In the preferred embodiment of the invention, a production tubing tie back assembly 23 is provided in the generally cylindrical passageway 25 between the production tubing 22 and the Xmas tree 14, as part of the shear ram tubing head system 10. The invention includes a novel arrangement of an upper tubing head 24, a tubing shear ram 26, and a lower tubing head 28. For convenience, the structure surrounding the tie back assembly 23, between the lower connector interface 16 and the upper connector interface 12, will be referred to as the stack 30.

As will be more fully explained below, the shear ram tubing head system 10 is designed to sever the tubing in the tie back assembly 23 in the event of a blowout, while preventing any downward motion of the production tubing string 22. This is accomplished in the preferred embodiment by providing two independently supported tubing hangers connected by a tie back subassembly, such that the production tubing 22 continues to be secured within the lower tubing head 28, after severance of the tie back assembly 23.

FIG. 2 is a schematic sectioned view of the upper end of the production tubing string 22, and the structures associated with the tie back assembly 23 within the shear ram tubing head system stack 30 shown in FIG. 1. The overall arrangement of the structures associated with the tie back assembly 23 and their mounting within the stack 30, will be described with reference FIG. 2. FIGS. 3 and 4 show details of the tubing hangers and the sealing and load bearing surfaces, as well as conventional structures commonly employed for making hanger connections in oilfield equipment.

As shown in FIGS. 2, 3, and 4 the stack 30 includes a lower tubing hanger bowl 32 located in lower tubing head 28, in which are provided double tapered load carrying control shoulder 34 and a metal-to-metal seal surface 36. The upper tubing hanger bowl 38 is provided in upper tubing hanger head 24, and includes double tapered load carrying control shoulder 40 and metal-to-metal seal surface 42.

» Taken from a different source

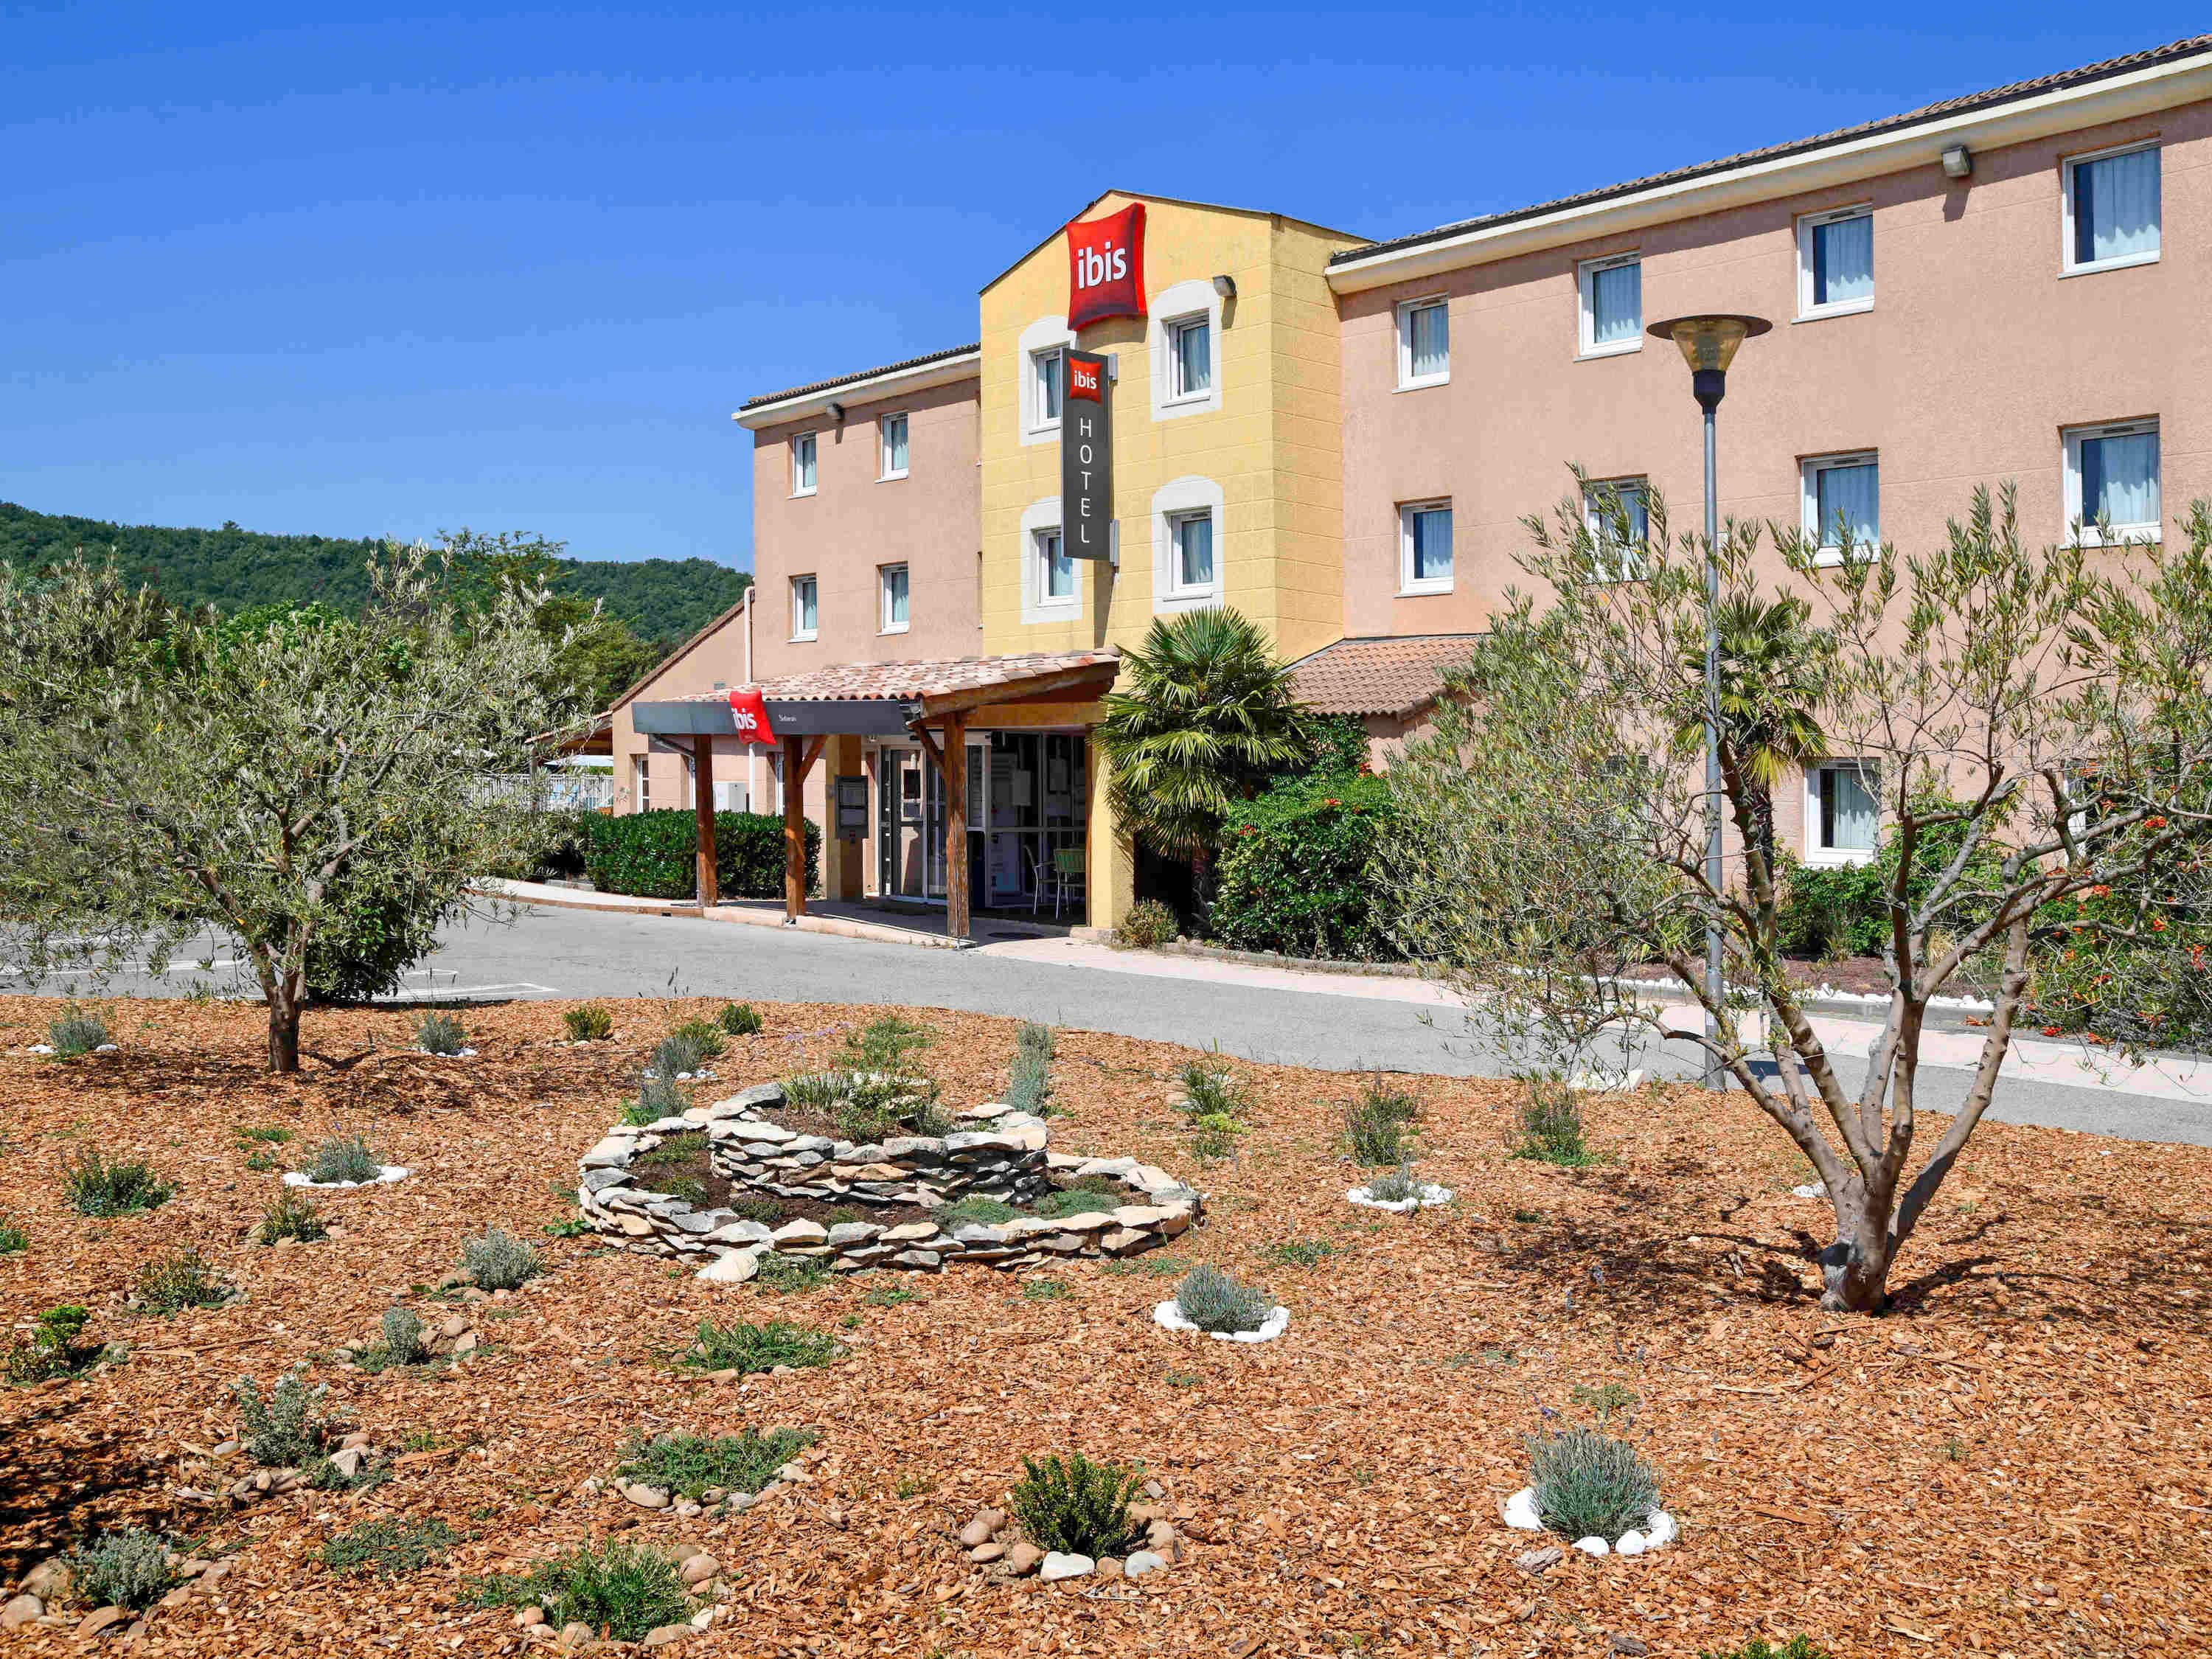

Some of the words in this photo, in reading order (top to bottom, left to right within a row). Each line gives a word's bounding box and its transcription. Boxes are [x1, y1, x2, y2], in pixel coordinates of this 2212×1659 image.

[1078, 241, 1127, 289] ibis
[1074, 369, 1097, 390] ibis
[1079, 417, 1093, 543] HOTEL
[731, 707, 757, 730] ibis

The lower tubing hanger 44 is sealingly supported by the lower tubing hanger bowl 32 by means of the double tapered, mating load transfer surface 46 and metal-to-metal sealing surface 48. This primary seal is of a conventional design, readily available from the Gray Tool Company as part of the CWCT line of well control equipment. As shown in FIG. 3, secondary annular elastomer seals 50 may be provided on the outer surface of the lower tubing hanger, as well as testing ports 52 as is well known in this art. Also, passages 54 are machined vertically through the hanger body 44 to accomodate control lines 56 that may optionally be provided for downhole equipment control, as is well known in the art. The lower internal portion of the tubing hanger 44 is threaded 58 to engage the upper end of the tubing 22, such that the entire weight of the tubing is supported by the lower tubing hanger 44 from the lower hanger bowl 32. The lower tubing hanger 44 also includes at its upper end a load bearing control shoulder 60, and on its interior surface between the control shoulder 60 and the lower threads 58, a tapered surface 62 against which a metal-to-metal seal will be effected as described below. As an aid to installation of the tie back assembly 23 the interior of the lower tubing hanger 44 is also provided with a tool running mount 64. Preferably, a tubing plug profile 66 is provided immediately above the threads 58. The running mount 64 and tubing plug profile 66 are conventional, and need not be further described.

The upper tubing hanger 70 includes a neck 72 for engaging the Xmas tree and load transfer surface 74 and metal sealing surface 76 for engaging the upper tubing hanger bowl 38. The upper tubing hanger interface with the bowl is similar to that of the lower tubing hanger 44, including the secondary annular seals 78 and test ports 80. The upper tubing hanger 70 also has a tubing plug profile 82 on its interior surface, and threads 84 at the lower interior and for engaging the tie back tubing nipple as described below. The upper profile 82 is large enough to pass the smaller diameter tubing plug associated with the lower hanger profile 66.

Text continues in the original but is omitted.